脂质溶于有机溶剂中，mRNA溶于50 mM柠檬酸缓冲液（pH 3）中。通过涡旋或微流控设备混合脂质和mRNA溶液，随后进行透析和超滤纯化。通过测量mRNA的包封效率（EE）来评估LNPs的制备效果。

将编码萤火虫荧光素酶（fLuc）的mRNA-LNPs加入A549和HepG2细胞中，24小时后检测荧光素酶表达水平。

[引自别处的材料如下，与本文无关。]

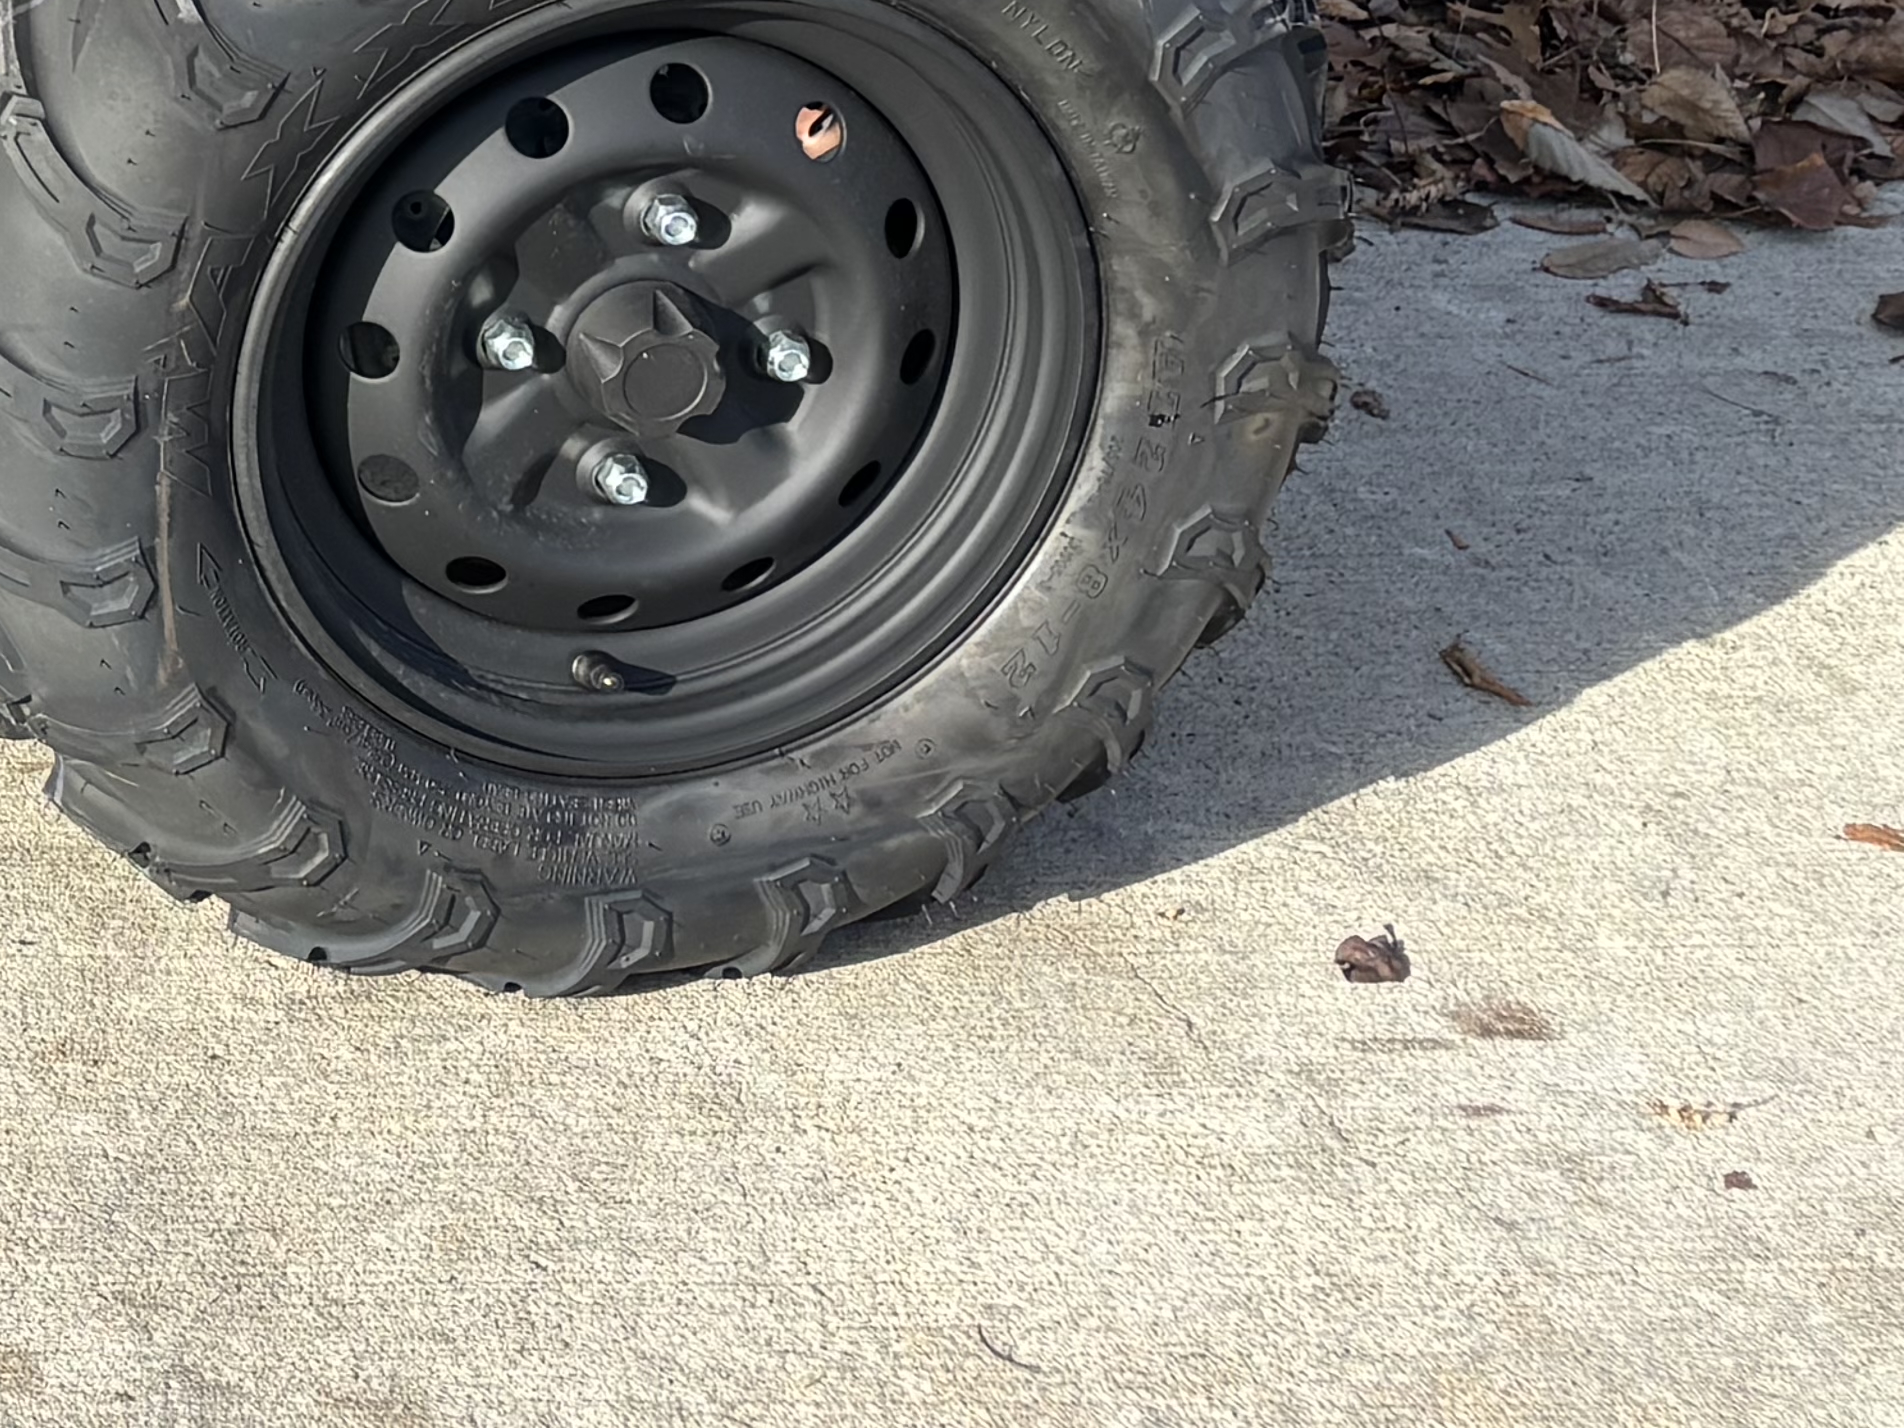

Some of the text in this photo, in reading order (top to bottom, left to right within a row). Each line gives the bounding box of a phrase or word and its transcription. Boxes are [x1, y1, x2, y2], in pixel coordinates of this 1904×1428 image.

[204, 584, 254, 657] ROTATION
[836, 756, 870, 781] FOR
[536, 864, 636, 886] WARNING

通过尾静脉注射fLuc编码的mRNA-LNPs至小鼠体内，6小时后检测各器官中的荧光素酶表达水平。同时，监测血液中Gluc编码的mRNA-LNPs的表达水平以评估时间依赖性。

02
实验结果

在制备mRNA-LNPs的过程中，我们系统地探索了多种有机溶剂对LNPs理化性质的影响。具体结果如下：

粒径（Size）：不同有机溶剂制备的mRNA-LNPs粒径差异显著。例如，在乙醇、甲醇、乙腈、DMF、DMSO、丙酮、二氧六环和吗啉等溶剂中，mRNA-LNPs的粒径通常在70-100 nm之间。然而，使用2-丙醇和吡啶作为溶剂时，LNPs的粒径较大，分别为154.2 ± 10.0 nm和132.9 ± 7.5 nm。特别地，1-丙醇、叔丁醇、四氢呋喃、4-甲基吡啶、吡咯烷和哌啶等溶剂制备的LNPs粒径超过200 nm，表明这些溶剂可能不适合用于mRNA-LNPs的制备。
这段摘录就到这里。